Repeat each record exactly. Any picture gets left out.
────────
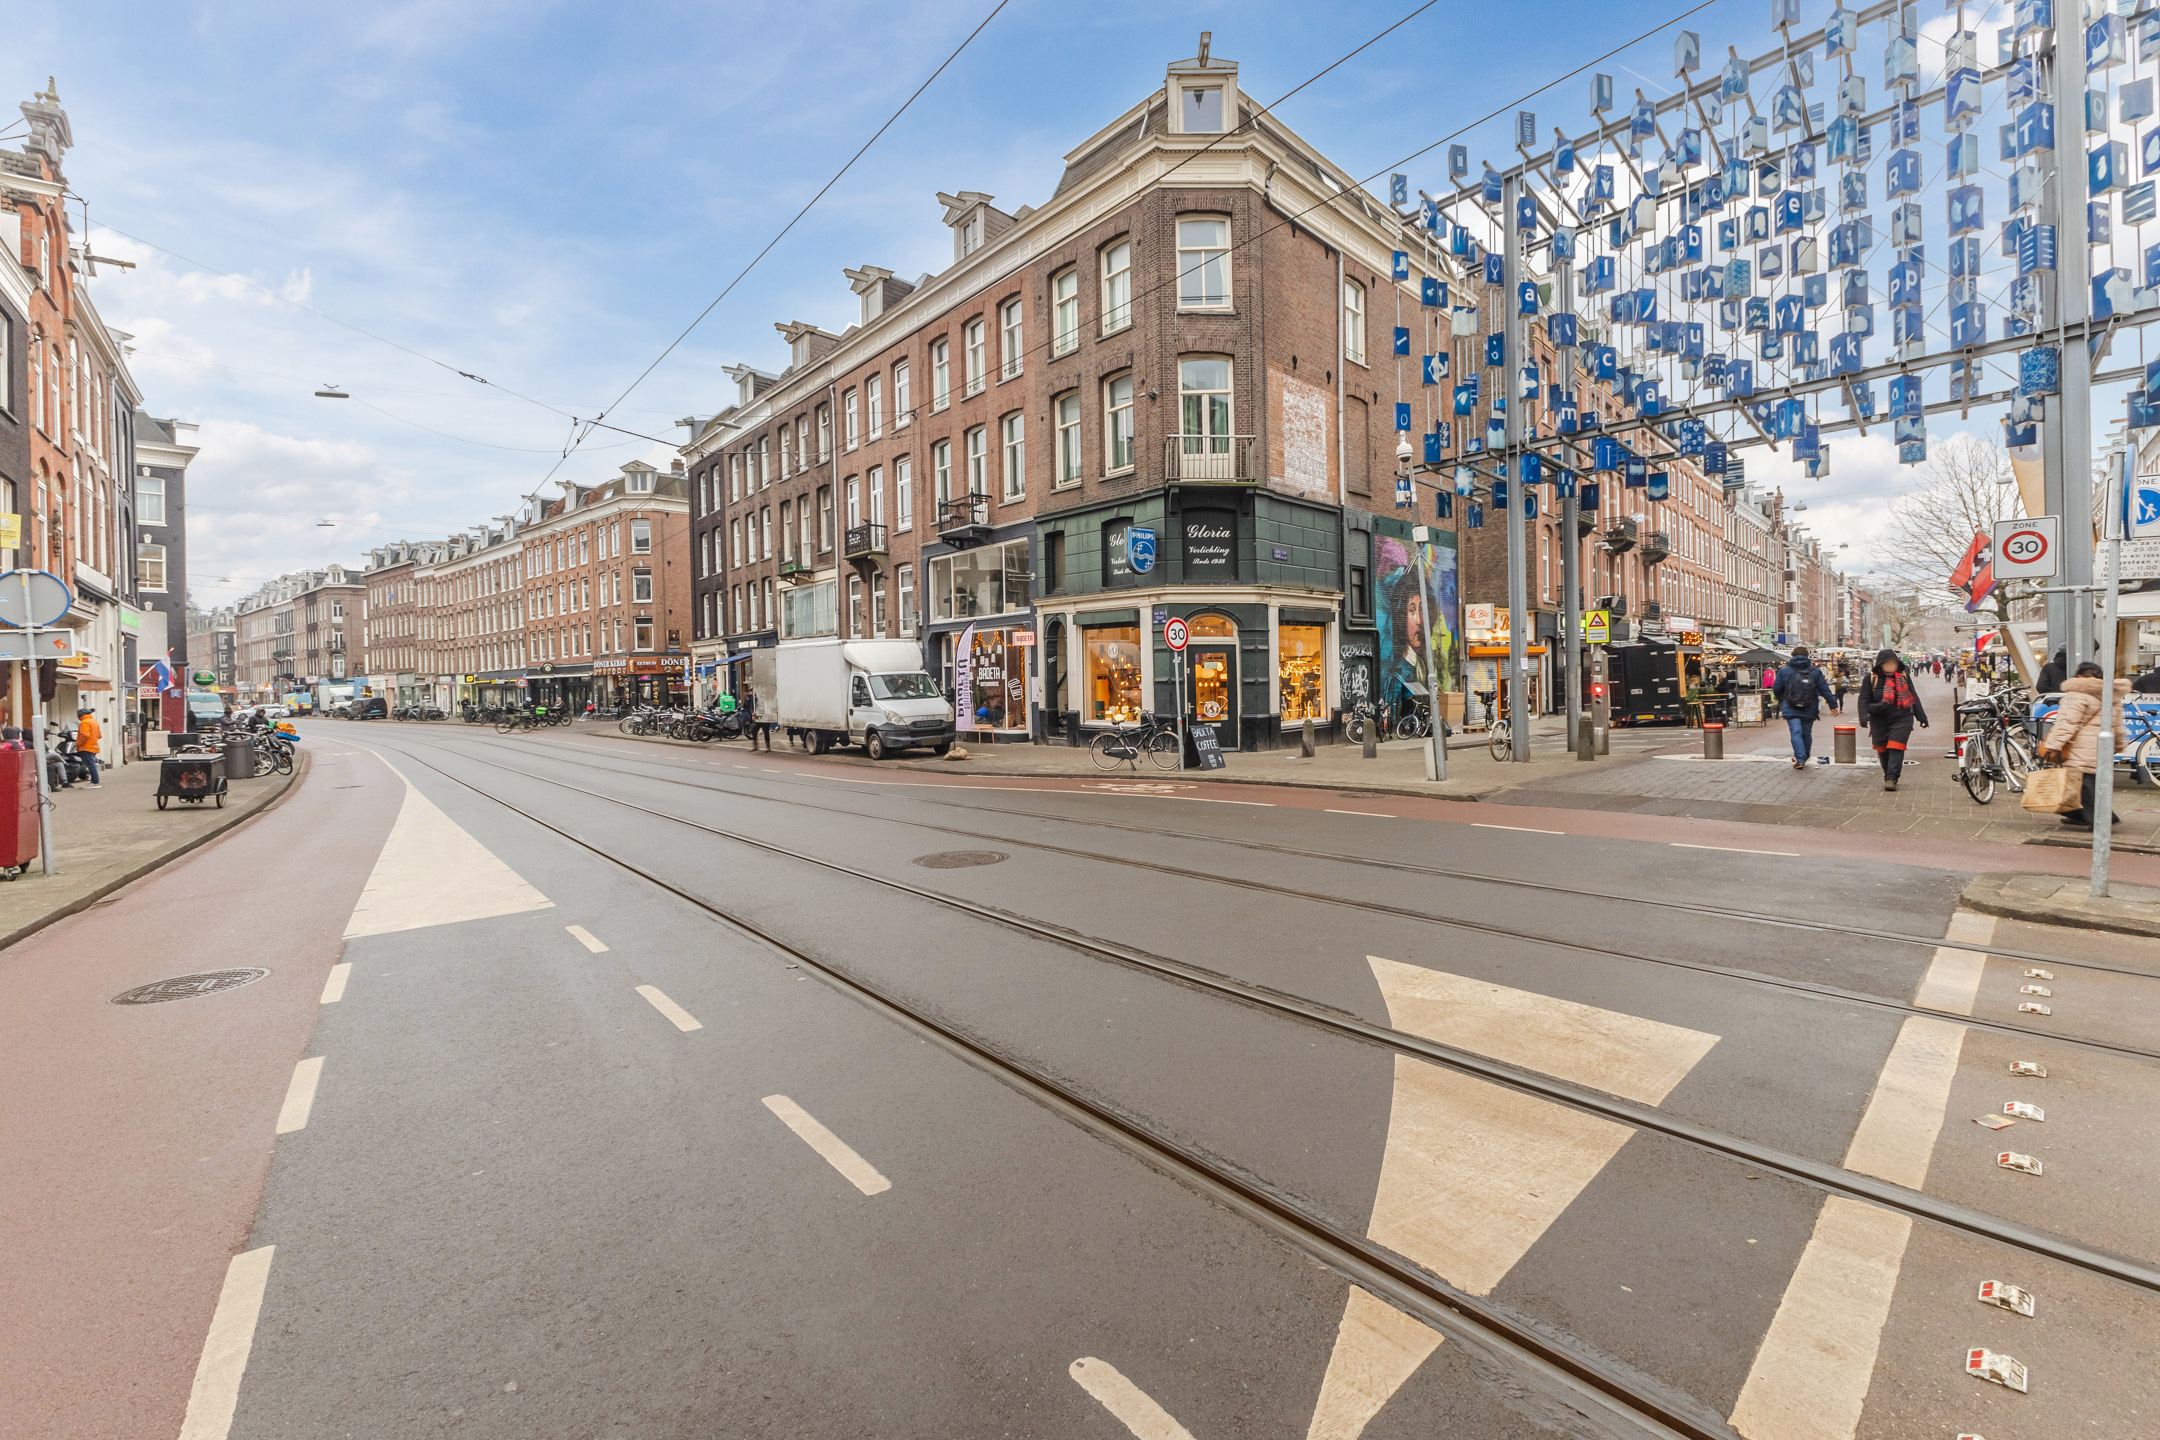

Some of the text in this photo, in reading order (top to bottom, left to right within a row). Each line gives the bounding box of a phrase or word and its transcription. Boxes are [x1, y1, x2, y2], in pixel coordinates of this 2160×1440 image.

[2020, 107, 2049, 146] T t
[1888, 157, 1915, 191] R r
[1776, 197, 1800, 229] E e
[1678, 228, 1700, 261] B b
[1890, 269, 1918, 302] P p
[1524, 287, 1535, 302] a
[1776, 307, 1785, 330] Y
[1789, 301, 1801, 323] y
[1952, 306, 1981, 342] T t
[1679, 328, 1700, 355] U u
[1602, 352, 1613, 367] c
[1831, 335, 1857, 369] K k
[1726, 366, 1748, 394] R r
[1636, 387, 1656, 412] A a
[1561, 406, 1577, 421] m
[1187, 524, 1231, 538] Gloria
[2012, 522, 2038, 530] ZONE
[1109, 533, 1125, 547] Glo
[1132, 531, 1155, 540] PHILIPS
[1188, 545, 1230, 557] Verlichting
[2011, 540, 2039, 554] 30
[1170, 628, 1186, 641] 30
[978, 666, 1001, 680] BADETA
[1191, 727, 1216, 738] BADETA
[1196, 739, 1219, 751] COFFEE
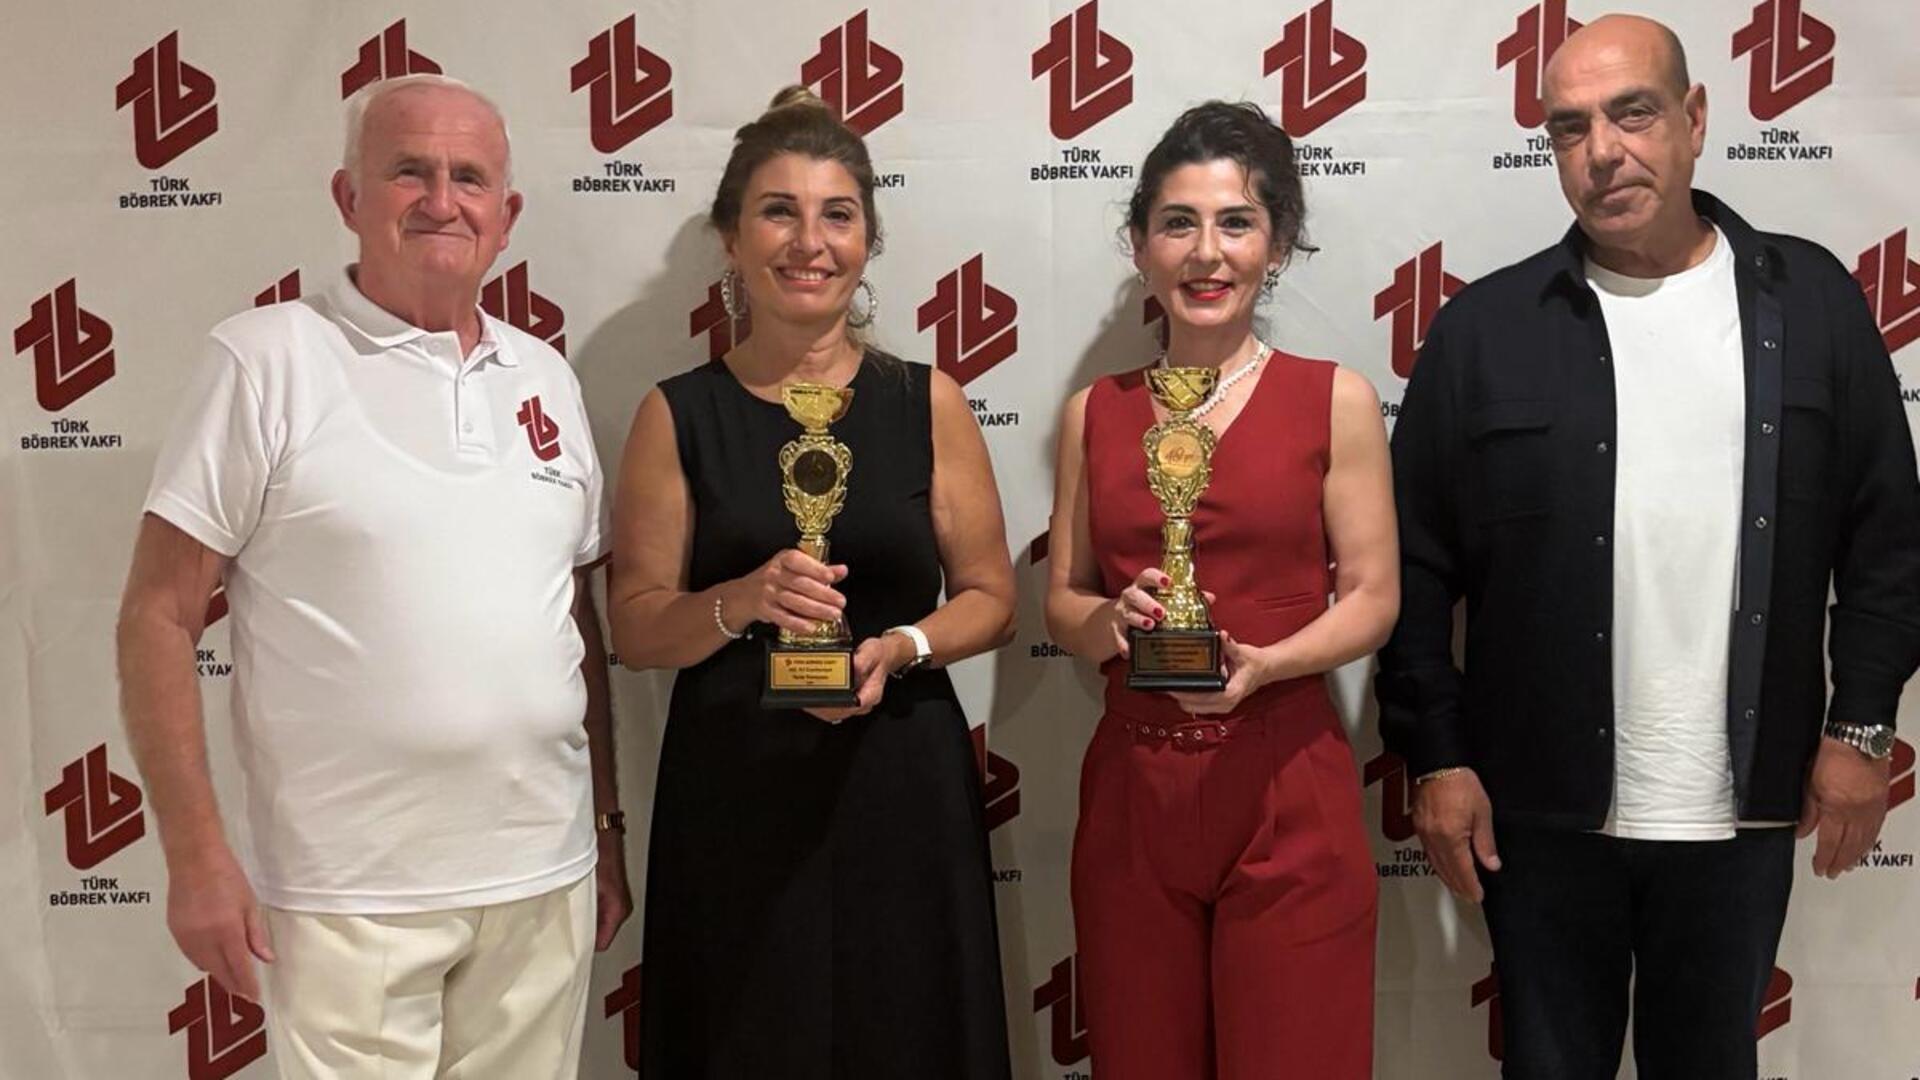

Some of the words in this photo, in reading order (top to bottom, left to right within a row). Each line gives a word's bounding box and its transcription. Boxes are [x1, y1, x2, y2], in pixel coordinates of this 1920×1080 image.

[1760, 128, 1799, 144] TÜRK
[1061, 147, 1100, 163] TÜRK
[1727, 144, 1786, 160] BÖBREK
[1789, 146, 1832, 159] VAKFI
[1493, 152, 1553, 168] BÖBREK
[604, 161, 642, 176] TÜRK
[1031, 164, 1088, 180] BÖBREK
[1091, 165, 1133, 178] VAKFI
[1322, 162, 1365, 176] VAKFI
[150, 176, 190, 192] TÜRK
[573, 176, 631, 192] BÖBREK
[633, 179, 675, 192] VAKFI
[872, 174, 904, 188] AKFI
[119, 193, 178, 208] BÖBREK
[180, 192, 222, 206] VAKFI
[968, 399, 987, 412] RK
[51, 418, 89, 433] TÜRK
[978, 412, 1018, 426] VAKFI
[21, 434, 78, 449] BÖBREK
[80, 435, 121, 448] VAKFI
[197, 649, 216, 662] RK
[1872, 854, 1913, 867] VAKFI
[81, 876, 118, 891] TÜRK
[992, 870, 1022, 882] AKFI
[50, 892, 107, 906] BÖBREK
[109, 892, 150, 904] VAKFI
────────
* Task solution
Some of the text in this photo, in reading order (top to bottom, left to right within a row). Each line gives the bounding box of a phrase or word and its transcription. Boxes are [x1, y1, x2, y2], in pixel coordinates of this 2160×1440 image.

[2020, 107, 2049, 146] T t
[1888, 157, 1915, 191] R r
[1776, 197, 1800, 229] E e
[1678, 228, 1700, 261] B b
[1890, 269, 1918, 302] P p
[1524, 287, 1535, 302] a
[1776, 307, 1785, 330] Y
[1789, 301, 1801, 323] y
[1952, 306, 1981, 342] T t
[1679, 328, 1700, 355] U u
[1602, 352, 1613, 367] c
[1831, 335, 1857, 369] K k
[1726, 366, 1748, 394] R r
[1636, 387, 1656, 412] A a
[1561, 406, 1577, 421] m
[1187, 524, 1231, 538] Gloria
[2012, 522, 2038, 530] ZONE
[1109, 533, 1125, 547] Glo
[1132, 531, 1155, 540] PHILIPS
[1188, 545, 1230, 557] Verlichting
[2011, 540, 2039, 554] 30
[1170, 628, 1186, 641] 30
[978, 666, 1001, 680] BADETA
[1191, 727, 1216, 738] BADETA
[1196, 739, 1219, 751] COFFEE

Some of the words in this photo, in reading order (top to bottom, left to right within a row). Each line gives a word's bounding box and its transcription. Boxes are [x1, y1, x2, y2], in pixel coordinates of this 1920×1080 image.

[1760, 128, 1799, 144] TÜRK
[1061, 147, 1100, 163] TÜRK
[1727, 144, 1786, 160] BÖBREK
[1789, 146, 1832, 159] VAKFI
[1493, 152, 1553, 168] BÖBREK
[604, 161, 642, 176] TÜRK
[1031, 164, 1088, 180] BÖBREK
[1091, 165, 1133, 178] VAKFI
[1322, 162, 1365, 176] VAKFI
[150, 176, 190, 192] TÜRK
[573, 176, 631, 192] BÖBREK
[633, 179, 675, 192] VAKFI
[872, 174, 904, 188] AKFI
[119, 193, 178, 208] BÖBREK
[180, 192, 222, 206] VAKFI
[968, 399, 987, 412] RK
[51, 418, 89, 433] TÜRK
[978, 412, 1018, 426] VAKFI
[21, 434, 78, 449] BÖBREK
[80, 435, 121, 448] VAKFI
[197, 649, 216, 662] RK
[1872, 854, 1913, 867] VAKFI
[81, 876, 118, 891] TÜRK
[992, 870, 1022, 882] AKFI
[50, 892, 107, 906] BÖBREK
[109, 892, 150, 904] VAKFI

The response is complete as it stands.